Direct Experimental Validation of Neoantigens: The Foundation of Valid-NEO®
The first prototype of what later became Valid-NEO®—a highly specialized experimental pipeline for the direct detection and quantification of neoantigens presented on HLA molecules.

Establishing the missing experimental layer in neoantigen immunotherapy
Modern cancer immunotherapy increasingly depends on the ability to identify tumor-specific neoantigens that can be recognized by T cells. Although DNA sequencing and computational prediction made it possible to nominate large numbers of candidate neoantigens, one central problem remained unresolved: most predicted targets had never been directly confirmed to exist on the tumor cell surface.
This gap was a major translational bottleneck. A mutation may appear compelling computationally, but unless the corresponding peptide is actually processed and presented by HLA molecules, it is not a real therapeutic target. As a result, experimental validation of target presentation is one of the most important steps in rational neoantigen drug development.
This work was among the first to directly address that challenge by establishing an experimental method capable of detecting and quantifying mutation-associated neoantigens on the cell surface, rather than relying solely on prediction algorithms or indirect T-cell assays.

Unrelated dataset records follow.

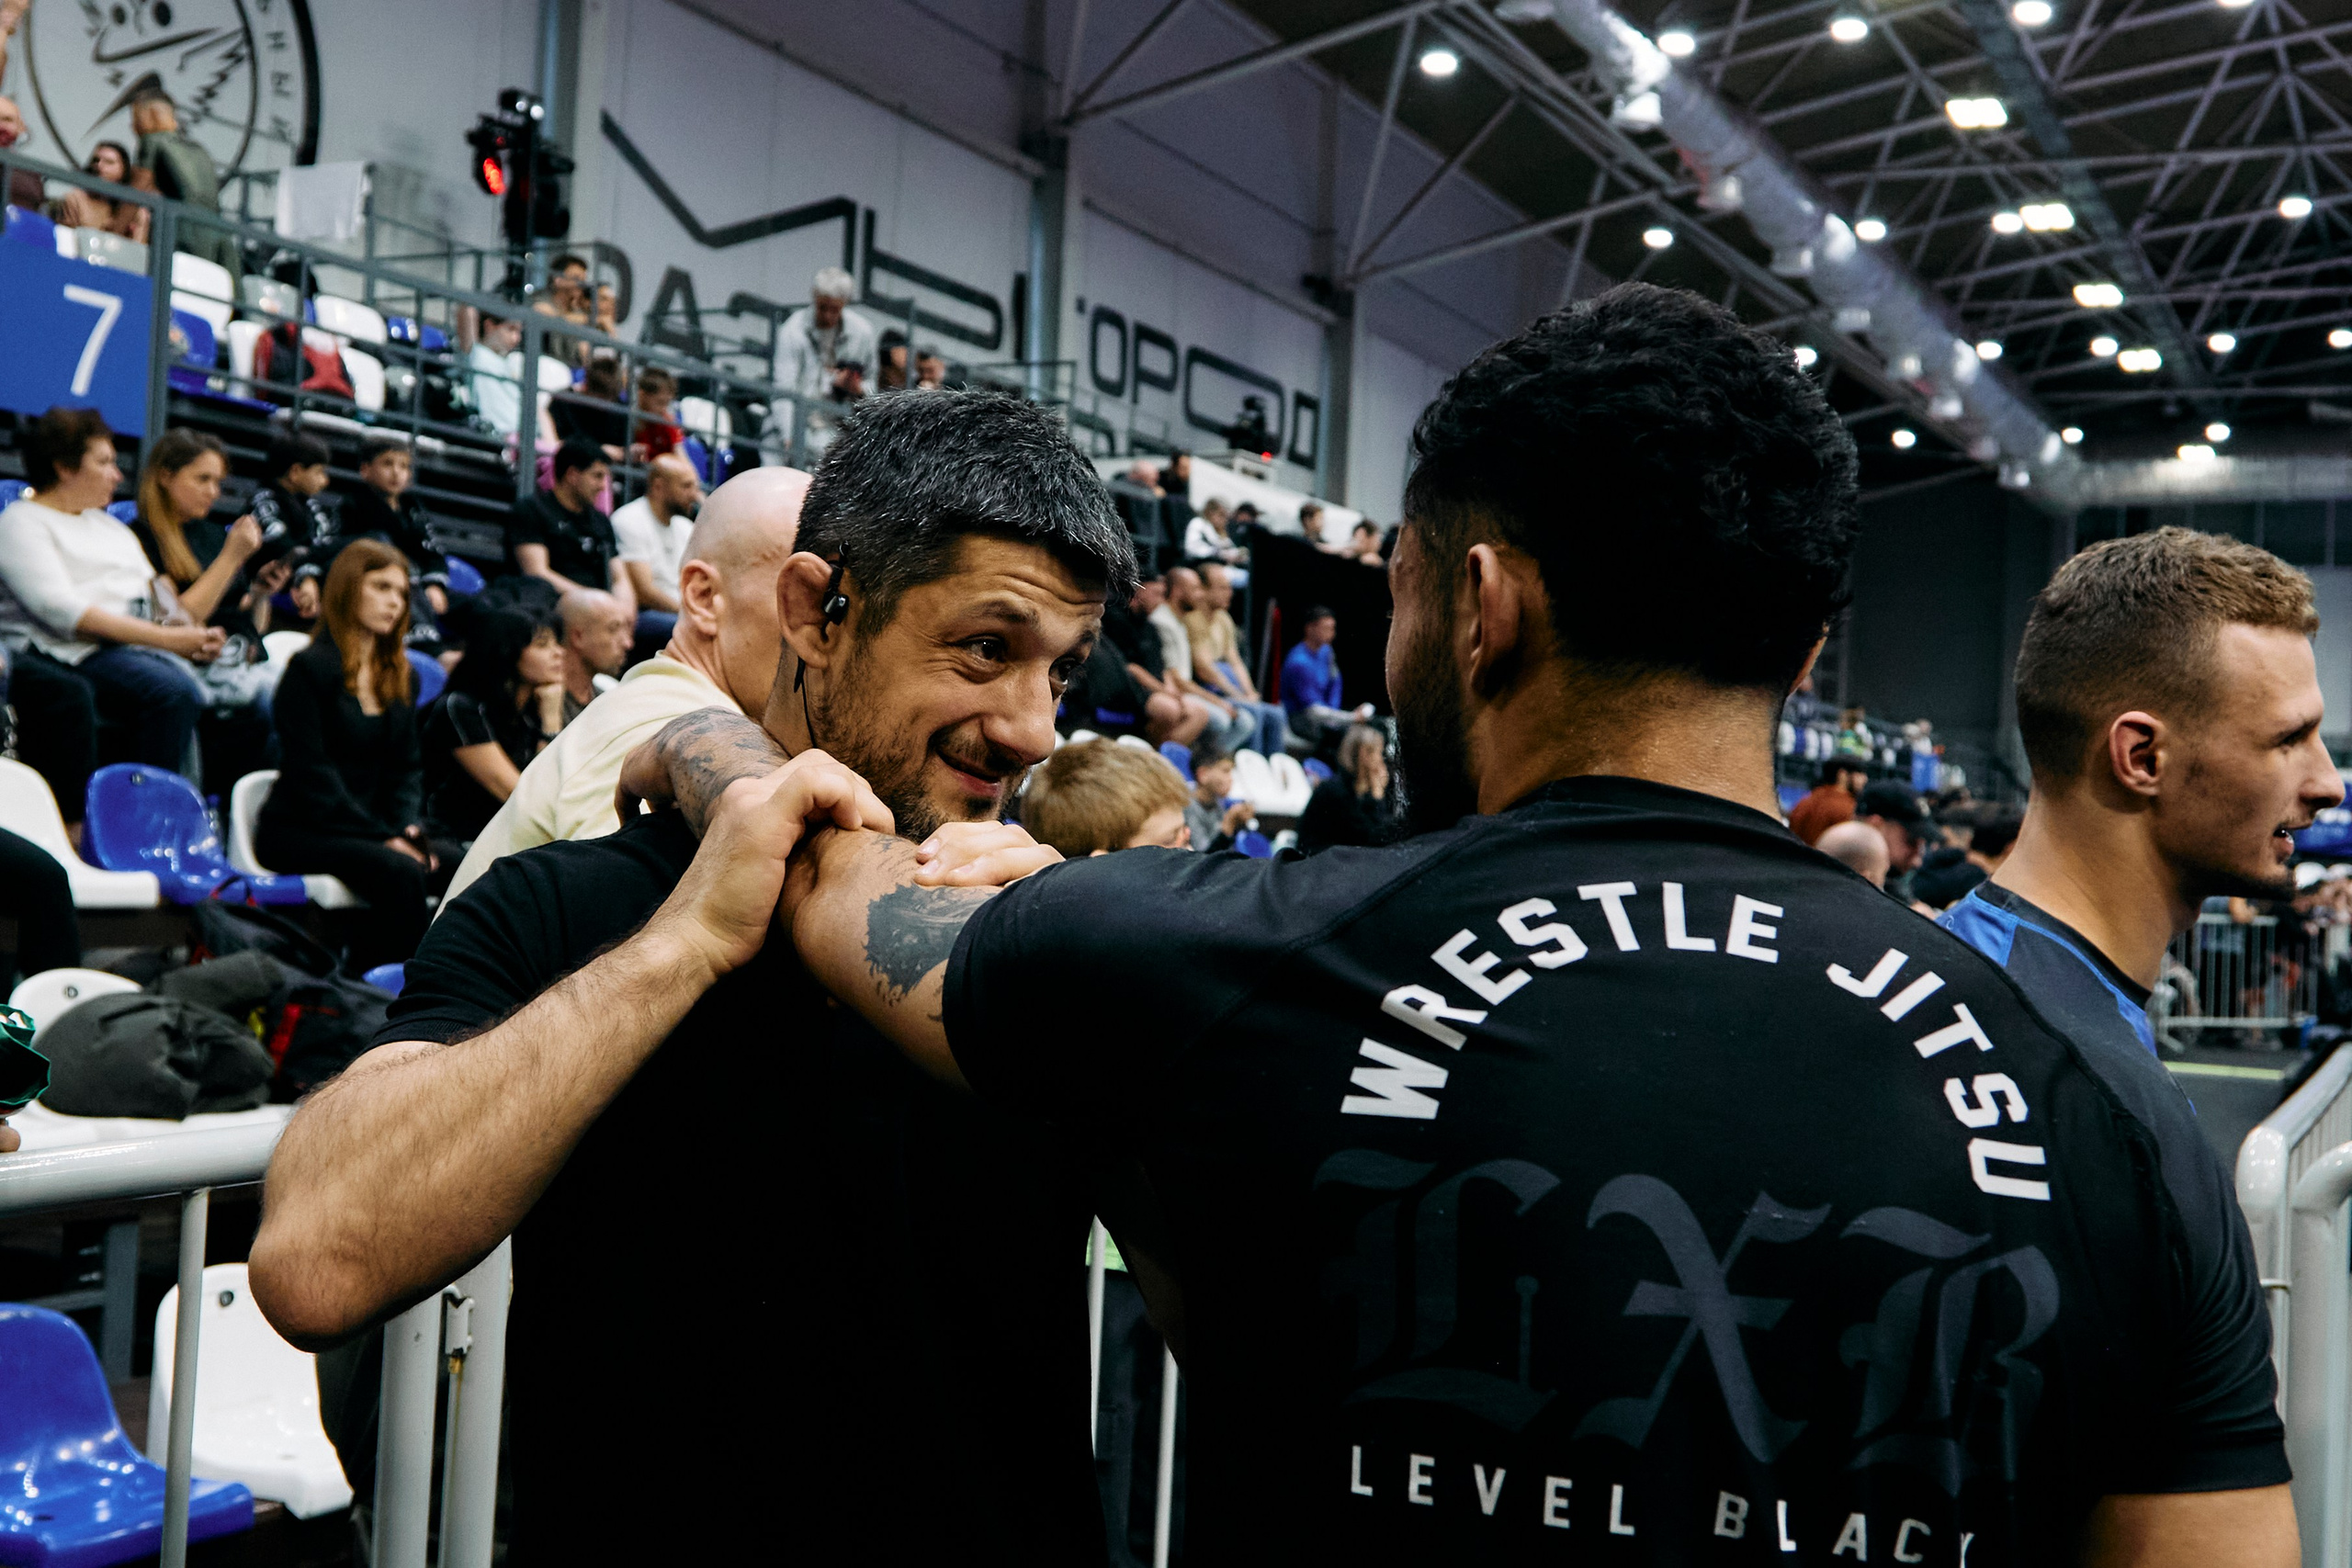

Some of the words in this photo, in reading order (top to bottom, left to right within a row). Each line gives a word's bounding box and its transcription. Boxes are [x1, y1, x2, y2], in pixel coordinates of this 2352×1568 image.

[62, 284, 123, 397] 7
[1340, 881, 1784, 1120] WRESTLE
[1826, 948, 2051, 1201] JITSU
[1350, 1445, 1635, 1535] LEVEL
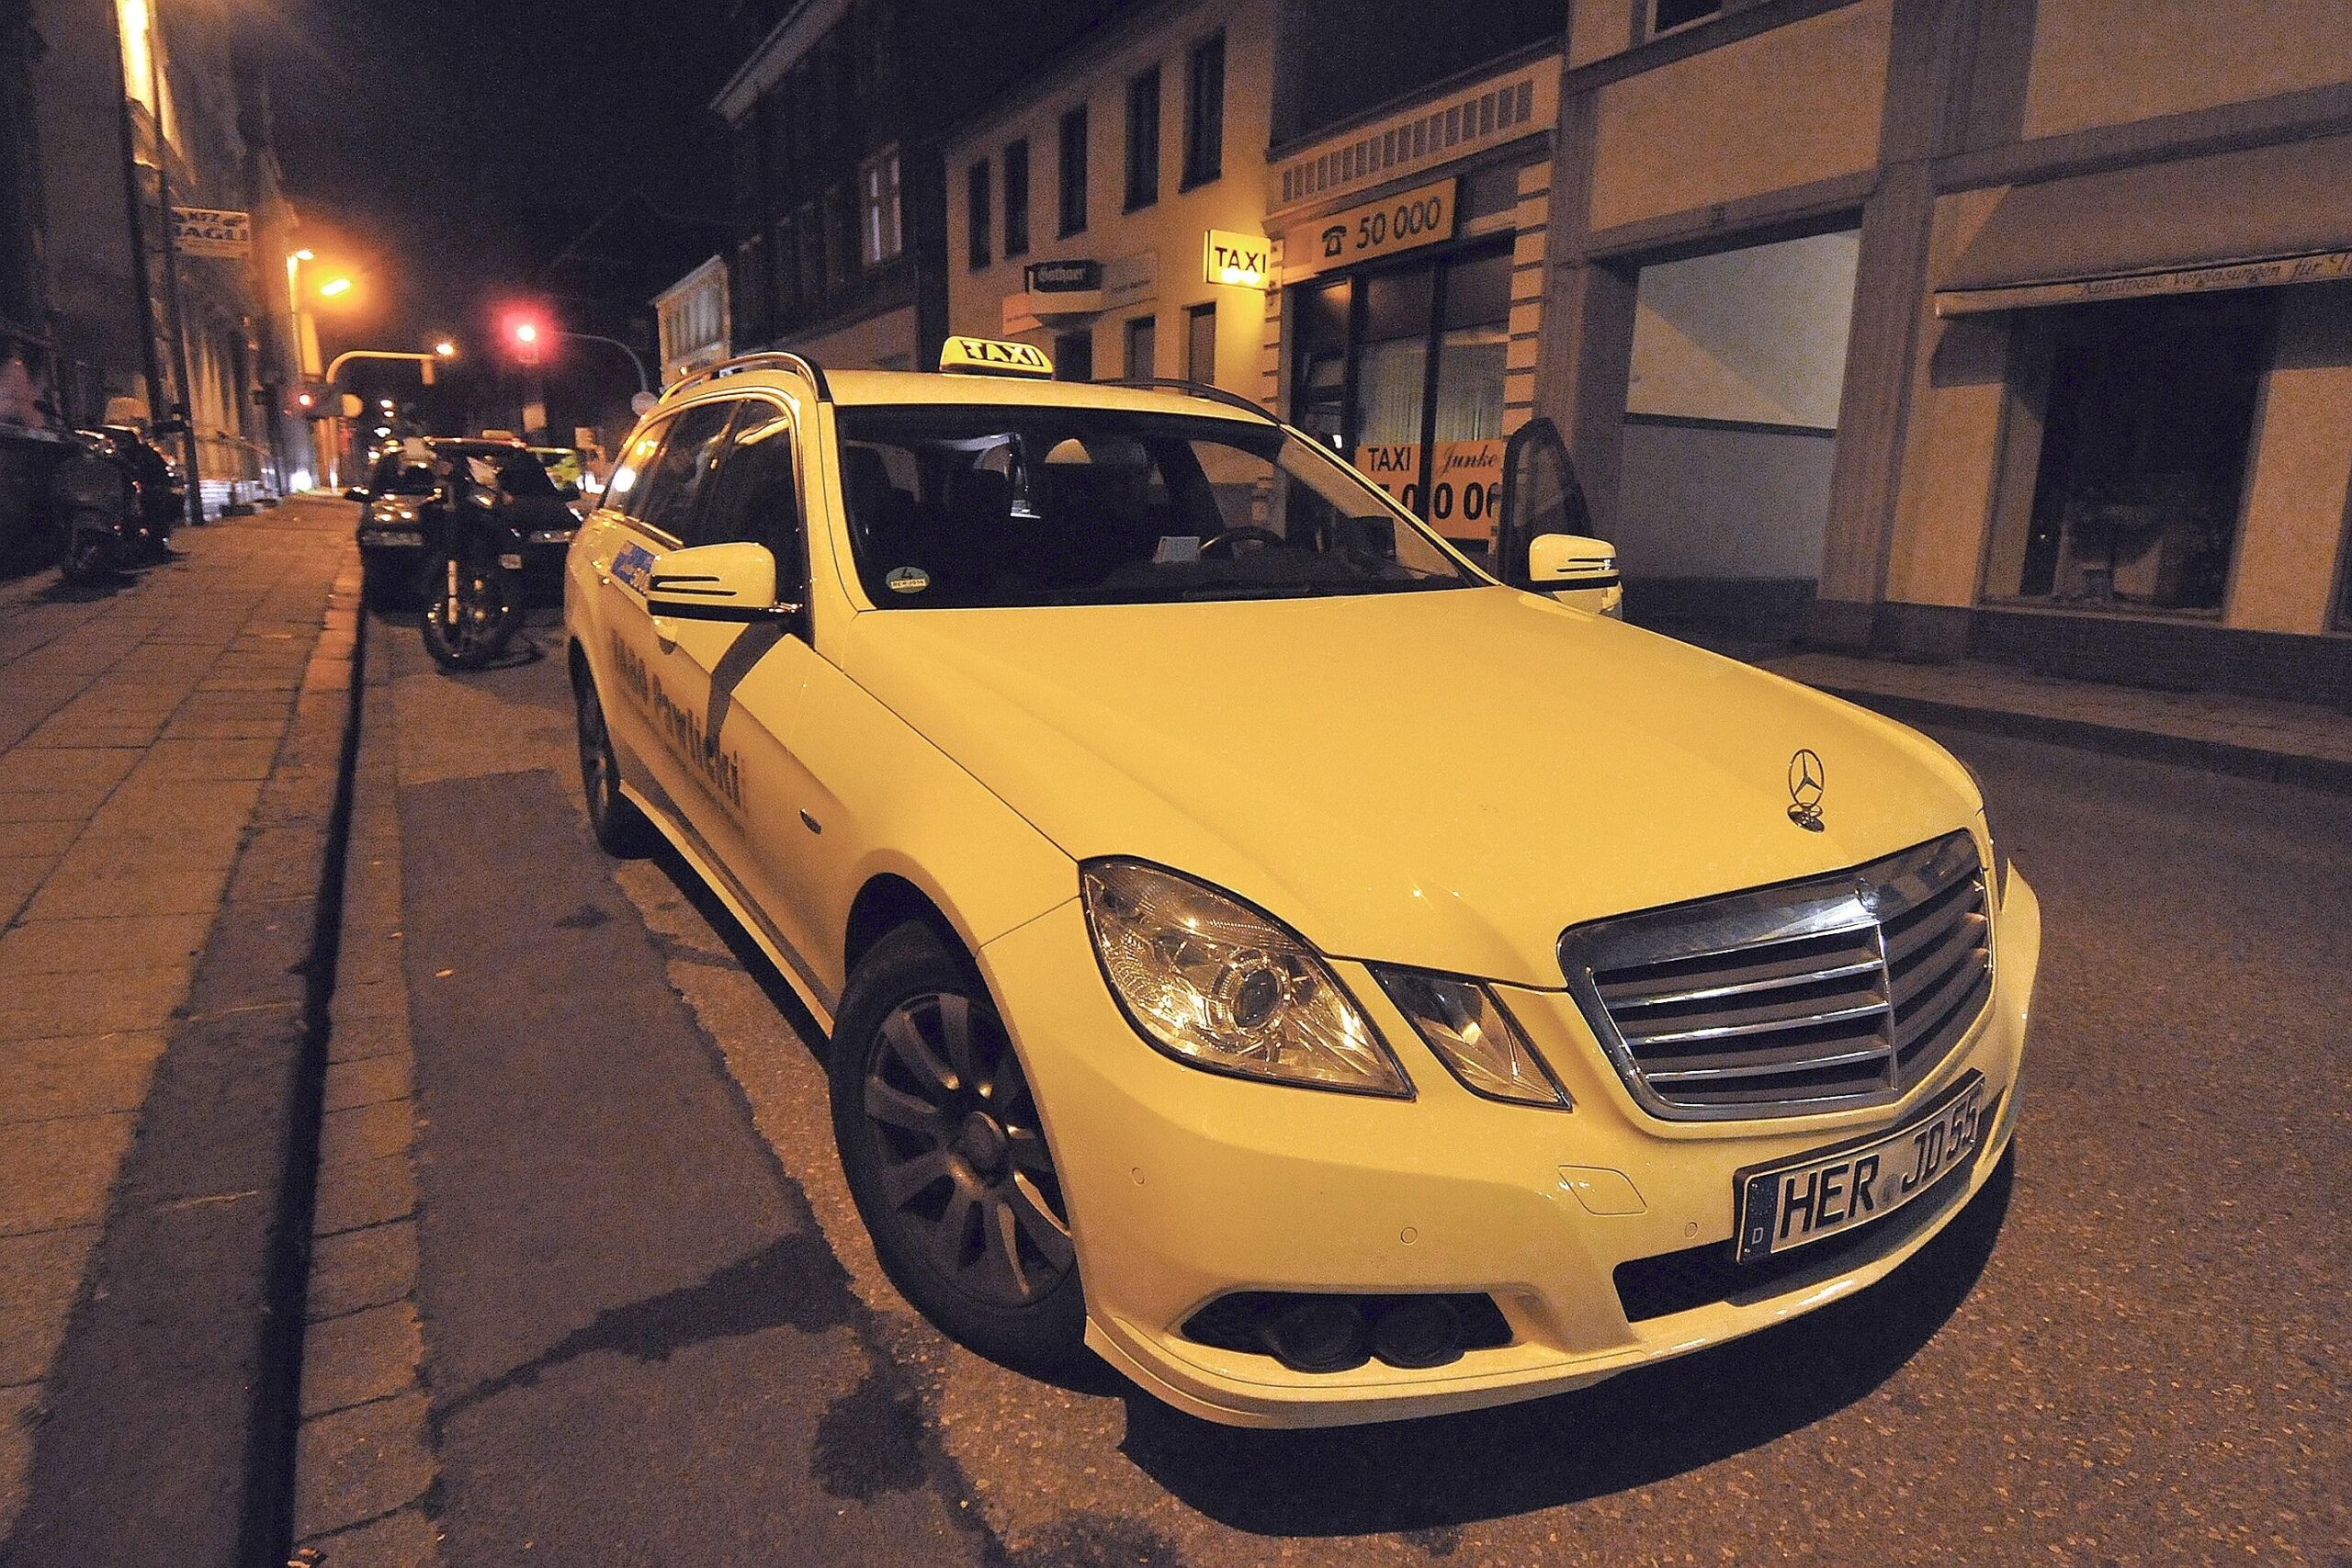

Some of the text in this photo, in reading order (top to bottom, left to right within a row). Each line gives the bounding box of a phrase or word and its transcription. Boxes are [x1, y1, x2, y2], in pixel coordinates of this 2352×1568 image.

[1356, 195, 1442, 250] 50 000
[1215, 246, 1267, 274] TAXI
[960, 340, 1045, 367] TAXI
[1368, 446, 1411, 471] TAXI
[1779, 1154, 1880, 1238] HER
[1751, 1227, 1764, 1246] D

The prototype of Valid-NEO® analysis
This study represents the prototype of Valid-NEO® analysis and the scientific foundation of today’s Valid-NEO® assays.
The work established a highly specialized workflow that combined:
- optimized enrichment of peptide-HLA complexes
- multidimensional chromatographic separation
- recursively optimized targeted mass spectrometry
- isotope-labeled standards for direct quantification
Using this approach, the study directly confirmed neoantigens derived from major cancer driver mutations including KRAS and IDH2, and quantified the number of copies presented on the cell surface.
Importantly, the data showed that some computationally predicted neoantigens are truly presented, while others are not—despite similar in silico scores. This finding underscored a critical point that remains central today: prediction is not validation.
That principle became the core logic behind the development of Valid-NEO®.
A very high technical barrier that few groups could overcome
This work also highlighted the extraordinary technical difficulty of direct neoantigen validation.
Biologically, neoantigen-derived peptide-HLA complexes always exist at extremely low abundance, often representing only a minute fraction of all peptides presented on the cell surface. Detecting them requires overcoming multiple technical barriers simultaneously, including:
- efficient recovery of peptide-HLA complexes without major losses
- elimination of contaminating signals that suppress mass spectrometry sensitivity
- stabilization of chemically fragile peptides
- sufficient sensitivity to detect targets present at very low copy number
The study introduced a series of technical optimizations that dramatically improved performance and made direct experimental validation feasible in a way that had previously been impractical. This was not a routine proteomics workflow—it was a high-barrier immunopeptidomics method built specifically to solve one of the hardest problems in cancer immunotherapy.
That technical barrier remains one of the key reasons why validated neoantigen detection is still difficult to reproduce broadly, and why Valid-NEO® assays are strategically differentiated.
Strategic significance
This work established the core foundation for what would later become Valid-NEO®: a platform built on the principle that therapeutic targets must be experimentally verified, not just computationally predicted.
It helped define a new standard for neoantigen development by showing that direct confirmation of peptide-HLA presentation is both possible and necessary for high-confidence target selection.
As the foundation of Valid-NEO® assays, this work created the basis for a broader platform capable of supporting:
- neoantigen validation for vaccine design
- target confirmation for TCR-based therapeutics
- peptide-HLA antibody discovery
- translational immunopeptidomics from limited clinical samples
In that sense, this paper was not just an academic advance—it was the technical and conceptual starting point of the Valid-NEO® platform and a foundational step toward making neoantigen immunotherapy more precise, more rigorous, and more clinically actionable.